Versartis Trial in Children to Assess Long-Acting Growth Hormone

Phase 1

Completed

• Conditions: Pediatric Growth Hormone Deficiency

• Registration Number: NCT01718041
• Lead Sponsor: Versartis Inc.

Brief Summary

This is a Phase 1b/2a study of VRS-317 (long-acting growth hormone) in pediatric patients with growth hormone deficiency. During Phase 1b, pediatric patients each will receive a single subcutaneous injection of VRS-317. During the Phase 2a stage, patients will receive 6 months of VRS-317 treatment at dose levels selected from the Phase 1b stage. The primary endpoints for the study are to determine the safety and efficacy of repeat dose VRS-317.

Detailed Description

In Phase 1b, separate cohorts of patients will be tested in a single ascending dose format. Safety review committee meetings will take place prior to escalating to each increasing dose level. Enrolled patients will be monitored for 60 days for safety with PK/PD and safety labs collected.
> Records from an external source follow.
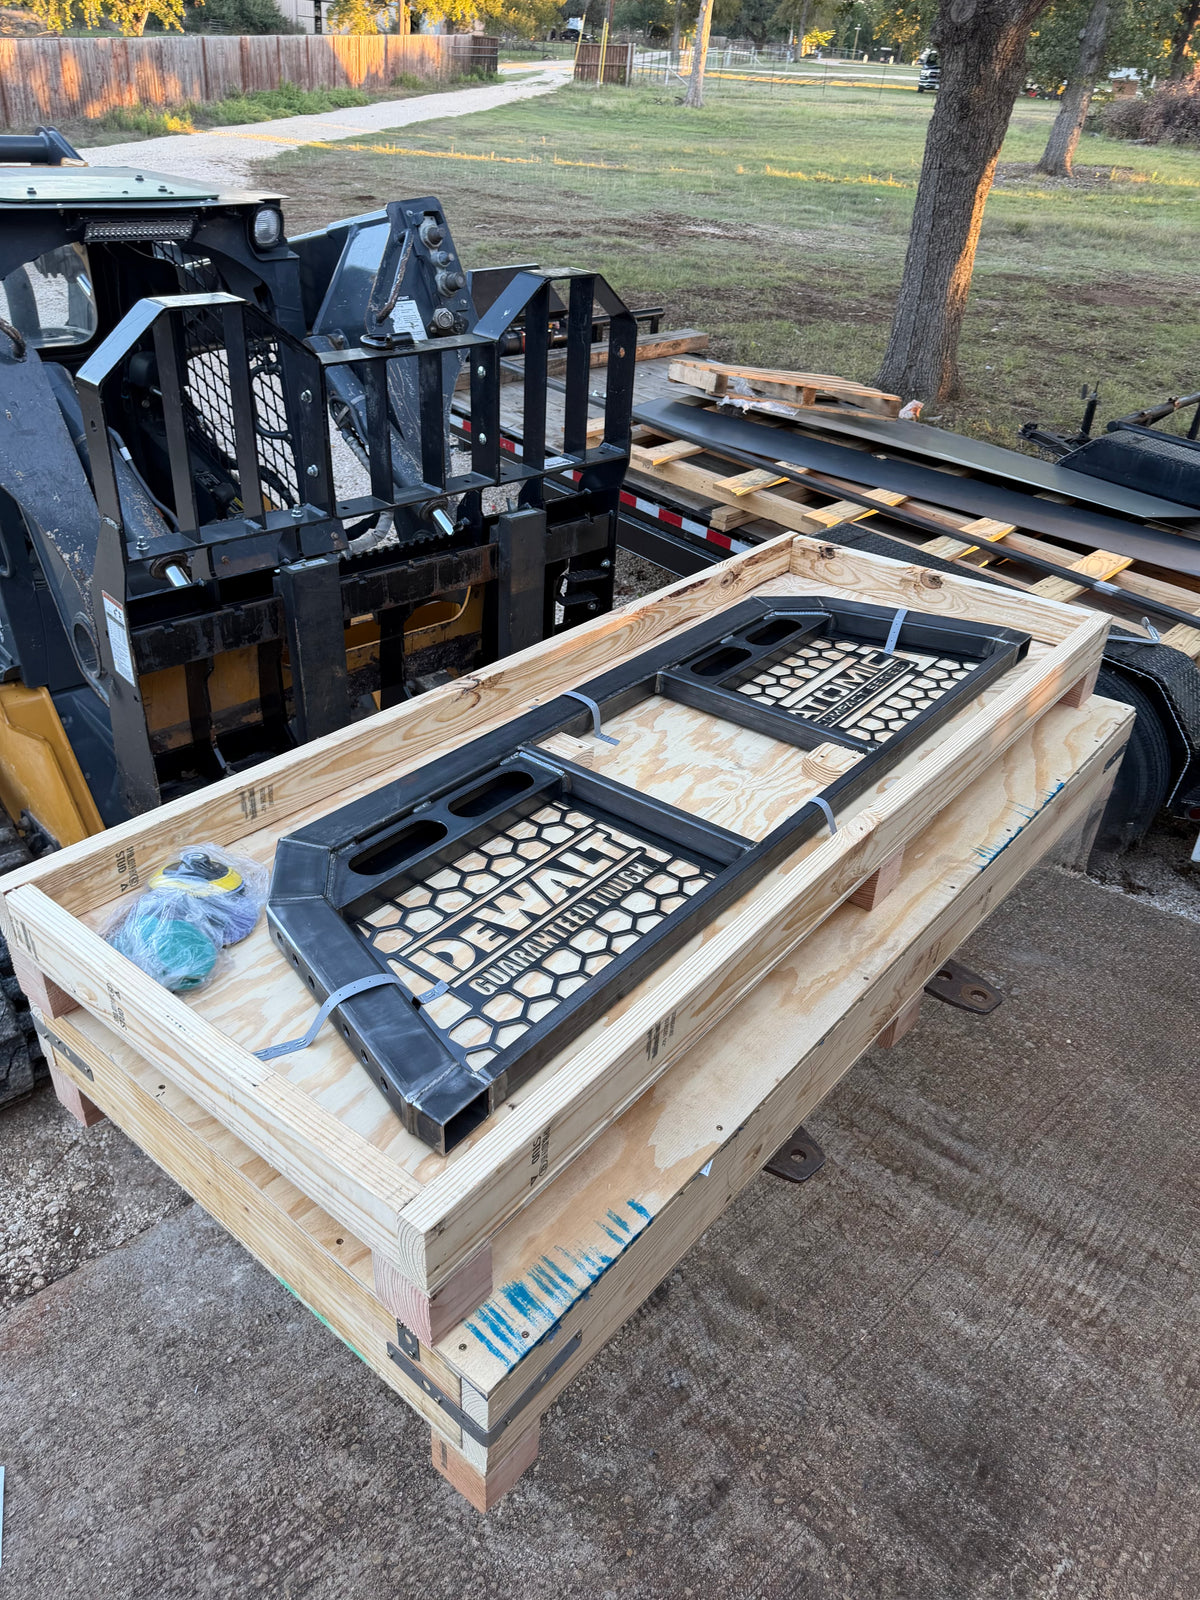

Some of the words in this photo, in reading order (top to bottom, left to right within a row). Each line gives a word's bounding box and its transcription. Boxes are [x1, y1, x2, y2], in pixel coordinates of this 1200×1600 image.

[787, 651, 896, 720] ATOMIC
[866, 663, 906, 691] SERIES
[115, 850, 127, 874] STUD
[407, 831, 629, 983] DEWALT
[468, 903, 600, 996] GUARANTEED
[531, 1136, 541, 1165] STUD
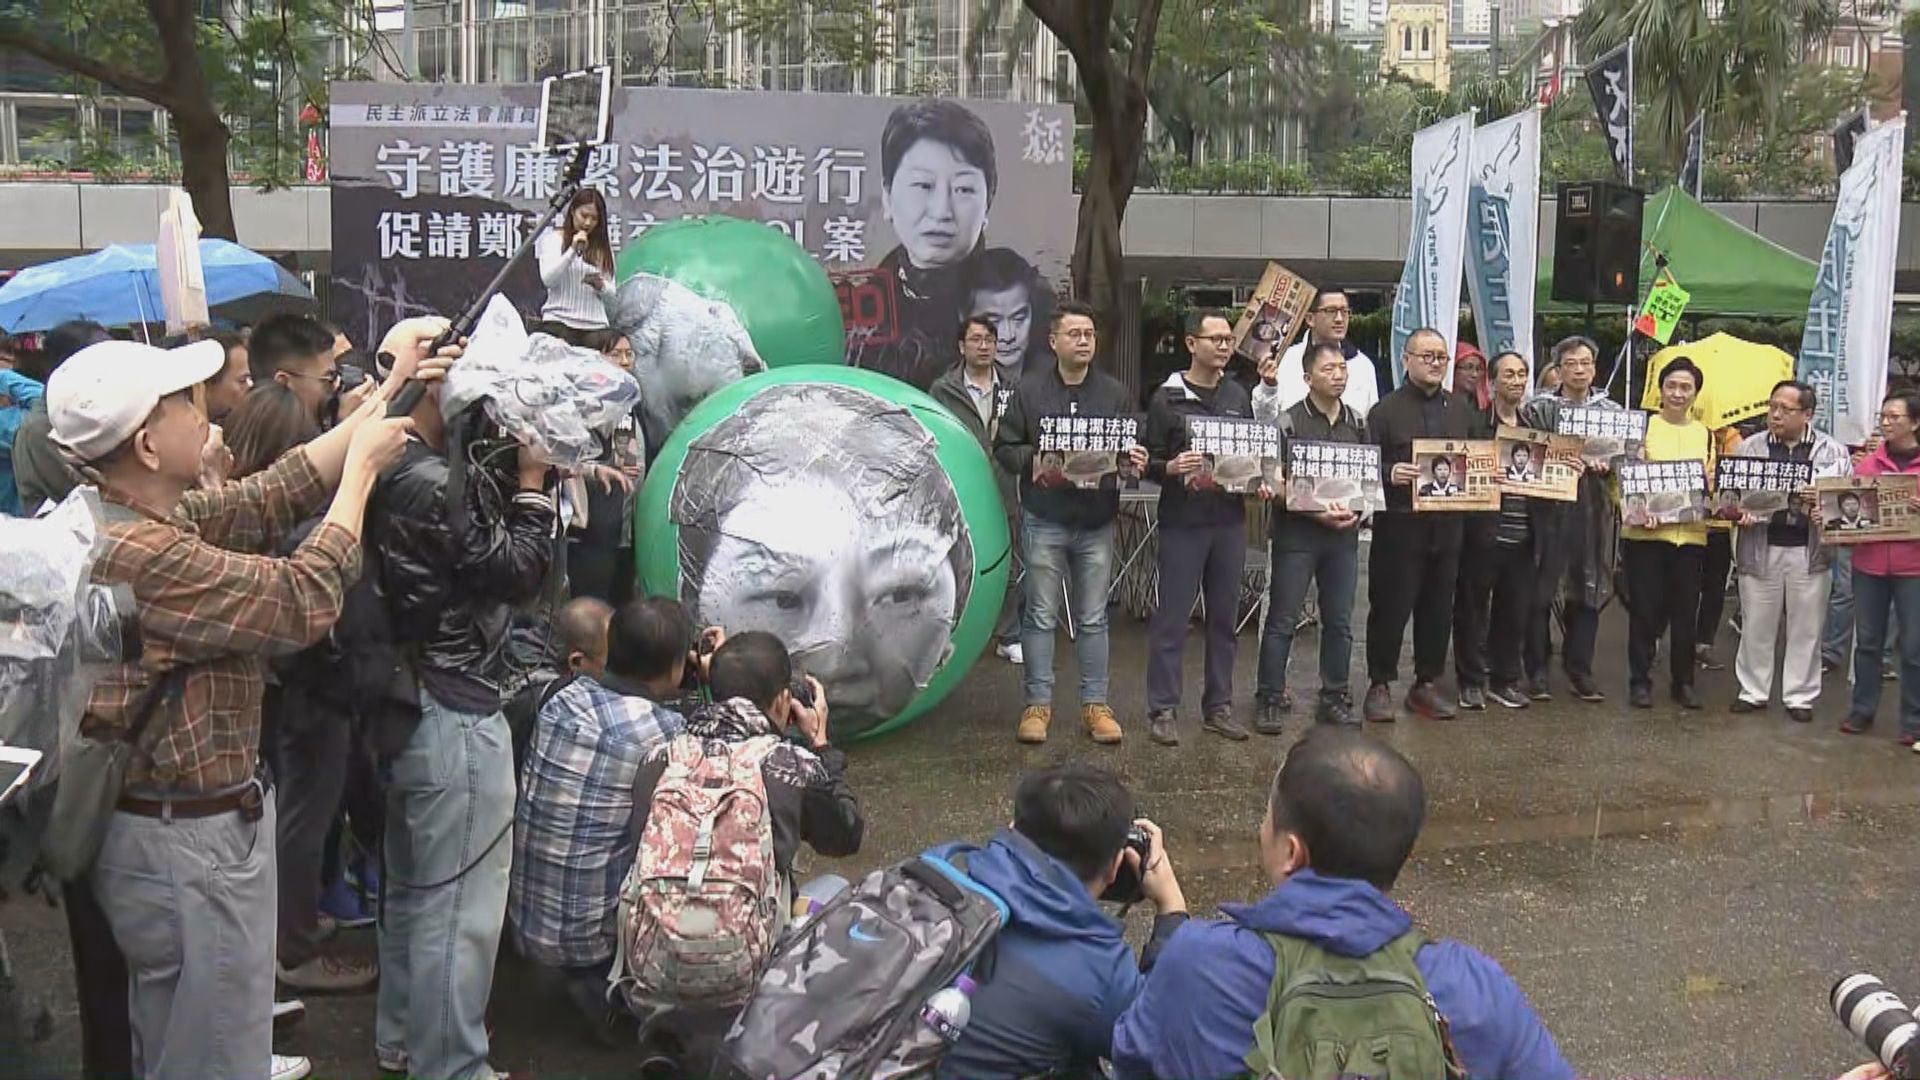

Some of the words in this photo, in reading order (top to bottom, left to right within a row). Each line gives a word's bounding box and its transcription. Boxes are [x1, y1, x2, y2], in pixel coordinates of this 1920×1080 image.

Two dose levels will be selected after completion of Phase 1b to be tested during Phase 2a (6 months of continuous VRS-317 treatment). Safety and PK assessments will be made during the Phase 2a stage. Patient heights will be measured by stadiometer.

Study Timeline

• Study Start: 2012-10
• Study First Submitted: 2012-10-19
• Study First Submitted QC: 2012-10-26
• Study First Posted: 2012-10-31
• Primary Completion: 2014-07
• Study Completion: 2014-07
• Status Verified: 2022-07
• Last Update Submitted: 2022-07-22
• Last Update Posted: 2022-07-26

Recruitment & Eligibility

• Status: COMPLETED
• Sex: All
• Target Recruitment: 64

Inclusion Criteria

• Chronological Age ≥ 3.0 years and ≤ 11.0
• Diagnosis of GHD as documented by GH stimulation test
• Below average height SDS at screening
• Appropriate weight for Stature
• Decreased IGF-I SDS at screening
• Delayed bone age
• Normal thyroid function test results at screening visit
• Legally authorized representative informed consent.

Exclusion Criteria

• Prior treatment with any growth promoting agent
• Documented history of, or current, significant disease
• Chromosomal aneuploidy, significant gene mutations
• Diagnosis of Attention Deficit Hyperactivity Disorder
• Daily use of anti-inflammatory doses of glucocorticoid
• Prior history of leukemia, lymphoma, sarcoma or cancer
• Known allergy to constituents of the study drug formulation
• Abnormal ocular findings at screening
• Significant abnormality in screening laboratory studies

Study & Design

• Study Type: INTERVENTIONAL
• Study Design: SINGLE_GROUP

Primary Outcome Measures

Name	Time	Method
Phase 1b and 2a: Evaluate the safety and tolerability of multiple dosing levels of subcutaneous (SC) VRS-317 in pediatric growth hormone deficient (GHD) patients. Phase 2a: Evaluate the efficacy of multiple dose levels of VRS-317	8 Months	Safety observations will include the number of patients with adverse events, concomitant medications, safety labs, vital signs, physical exams, single dose immunogenicity (Phase 1b), and repeat dose immunogenicity (Phase 2a).; The primary efficacy outcome measure is the height velocity over 6 months as measured by standing height taken with stadiometer at baseline and after 6 Months of VRS-317 dosing in Phase 2a.

Secondary Outcome Measures

Name	Time	Method
Evaluate pharmacokinetic measures of VRS-317.	8 months	Secondary outcome measures include evaluation of pharmacokinetics (PK) of VRS-317 including Cmax, Tmax and AUC. PK measures will be analysed at multiple timepoints after single dosing of VRS-317 during Phase 1b and after repeat dosing of VRS-317 during Phase 2a.